Y posteá lo que escupa grub al hacer esto.

Salud!

----------

## Eleazar Anzola

 *Quote:*   

> maldito GRUB... 

  Estimados, ya es recurrente el ver este tipo de vocabularios un poco fuera de tono que se pudiera evitar, por favor no se por los demás pero por mi parte agradecería mucho si se usan palabras alternativas.

Siiii ya lo se!  es natural que en un momento de molestia se pueda escapar alguna que otra pero por favor mantengamos el foro lo más idoneo y menos vulgar posible, recuerden que es un lugar público y se debe mantener el decoro.

----------

## johpunk

mi entrada del grub hacia gentoo la tengo de la siguiente manera

 *Quote:*   

> default 0
> 
> timeout 30
> 
> splashimage=(hd1,2)/boot/grub/splash.xpm.gz
> ...

 

 *Quote:*   

> Disposit. Inicio    Comienzo      Fin      Bloques  Id  Sistema
> 
> /dev/sda1   *           1       27732   222757258+  83  Linux
> 
> /dev/sda2           30158       30401     1959930    5  Extendida
> ...

 

----------

## i92guboj

Todo esto me suena como un error en la instalación de grub, o quizás no lo instalaste donde se supone que debe ir.

En primer lugar, asegúrate de montar /boot.

Ahora, comprueba que está todo bien instalado como Idonoro_Pereyra te dice más arriba.

Si ésto no funciona, asegúrate de emerger grub teniendo /boot montado, porque de no ser así, los stages de grub no se grabarán donde deben estar.

----------

## batmanbeyond

Hola

haber creo tengo ya varias dudas al respecto !!!, antes que nada Gracias por las respuestas y el apoyo al tema !!!

bueno en primer lugar comento esta es mi tabla de particion:

 Device Boot Start End Blocks Id System

/dev/sda1 1 200 1606468+ 83 Linux                      /boot

/dev/sda2 201 800 4819500 83 Linux                     /swap

/dev/sda3 801 1305 4056412+ 83 Linux                 /root

la particion /dev/sda1 es la que esta iniciada para ser de arranque....

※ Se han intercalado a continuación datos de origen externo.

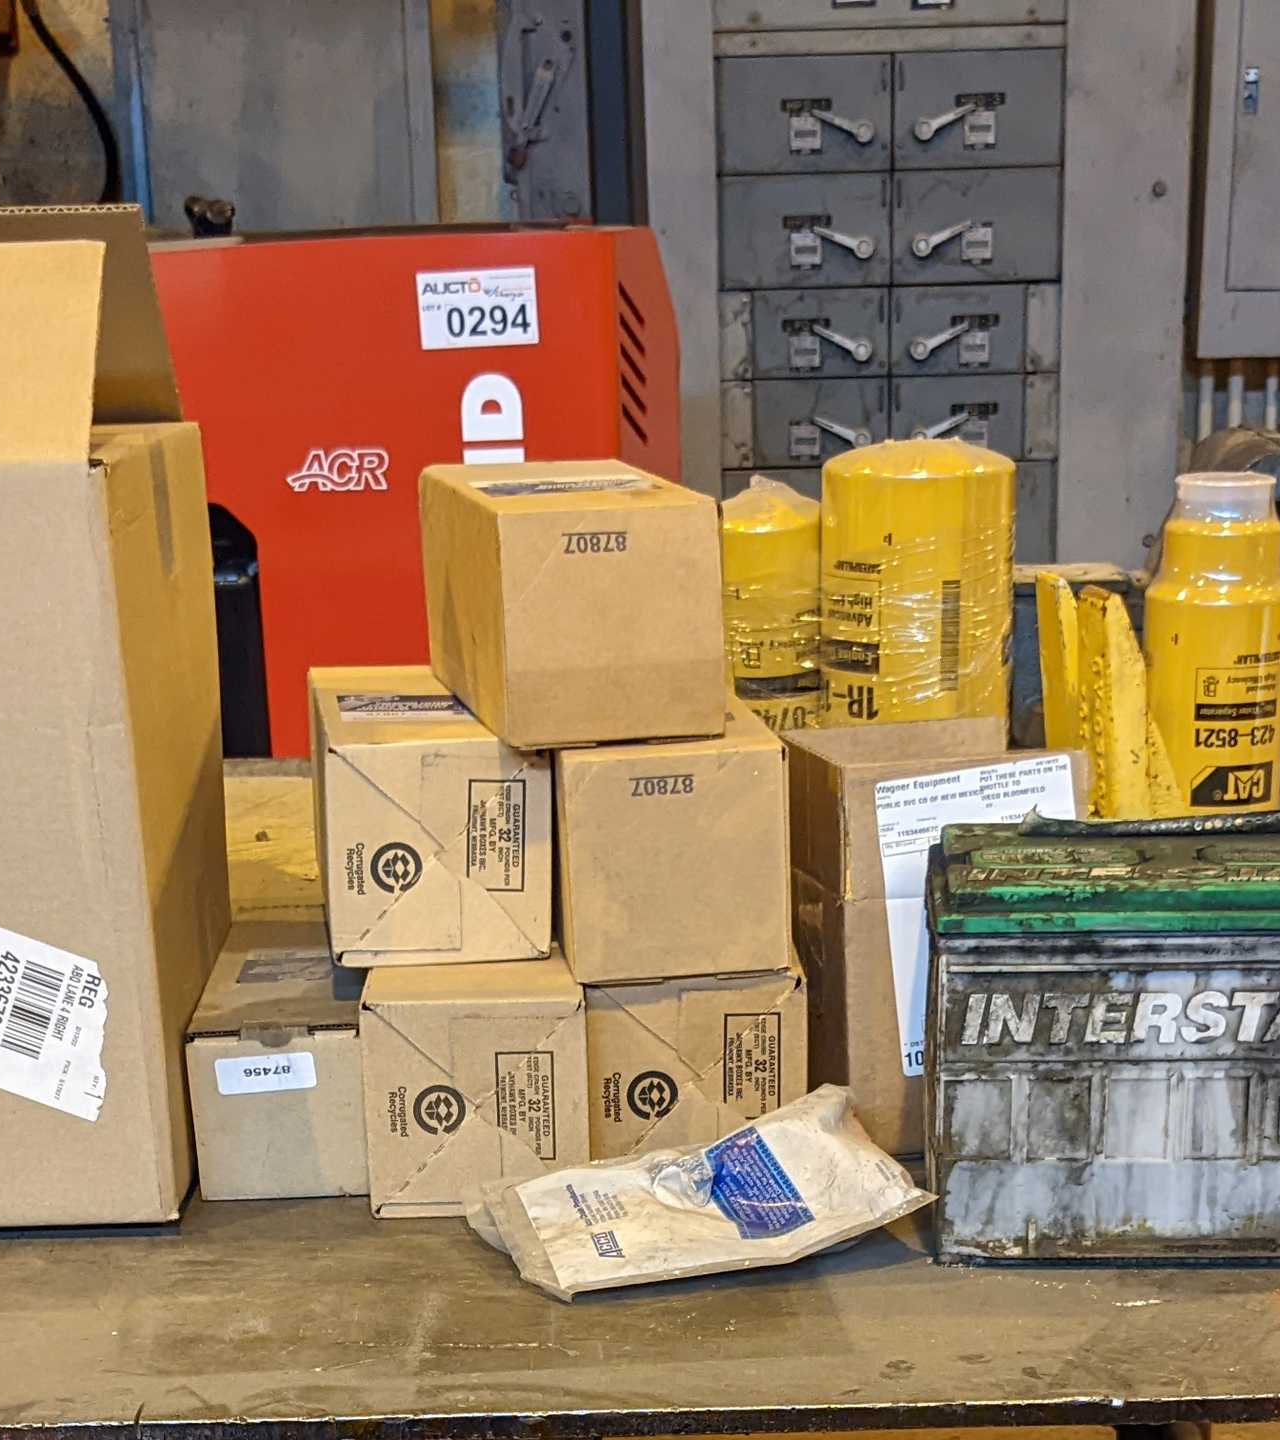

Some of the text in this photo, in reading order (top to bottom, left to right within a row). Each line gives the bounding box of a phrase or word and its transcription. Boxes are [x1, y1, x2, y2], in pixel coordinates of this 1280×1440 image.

[447, 303, 531, 337] 0294
[287, 446, 389, 492] ACR
[563, 534, 626, 554] 87807
[1195, 724, 1276, 749] 423-8521
[631, 776, 694, 796] 87807
[876, 775, 960, 794] Wagner Equipment
[979, 775, 993, 783] PUT
[1223, 769, 1265, 801] CAT
[877, 799, 901, 810] PUBLIC
[940, 793, 957, 801] NEW
[958, 788, 984, 798] MEXICO
[489, 841, 497, 853] BY
[498, 828, 511, 842] 32
[512, 803, 521, 868] GUARANTEED
[344, 848, 355, 890] Recycles
[356, 842, 366, 896] Corrugated
[69, 964, 85, 983] ABQ
[62, 981, 78, 1007] LANE
[78, 973, 101, 1009] REG
[61, 1006, 72, 1015] 4
[51, 1014, 69, 1041] RIGHT
[243, 1065, 291, 1078] 87456
[745, 1071, 753, 1083] BY
[754, 1059, 767, 1073] 32
[768, 1035, 776, 1097] GUARANTEED
[528, 1098, 541, 1112] 32
[541, 1075, 551, 1137] GUARANTEED
[604, 1078, 612, 1118] Recycles
[612, 1072, 622, 1122] Corrugated
[388, 1091, 399, 1133] Recycles
[397, 1086, 409, 1138] Corrugated
[518, 1111, 526, 1123] BY

Cuando termino de hacer el emerge grub hago lo siguiente:

grub> root (hd0,0)

grub> setup (hd0)

grub> quit

Ahora mis preguntas vienen aqui, si es /dev/sda1 donde se encuentra /boot es correcto hacer esto

grub> root (hd0,0)

O es en algun otro lado, es decir 

grub> root (hd0,1) o es grub> root (hd1,0) o grub> root (hd1,2) ????????

porque la ultima vez que  hice esto

grub> root (hd0,0)

grub> setup (hd0)

grub> quit

El sistema termino de instalarse de la manera correcta, rebootie, saque el disco...

inicio el grub

solo aparecia

grub>

hice lo siguiente

grub> root (hd0,0)

grub> kernel /boot/kernel root=/dev/sda3

y jalo !!!

Pero de repente me envio un Kernel Panic y chafio la instalación !!!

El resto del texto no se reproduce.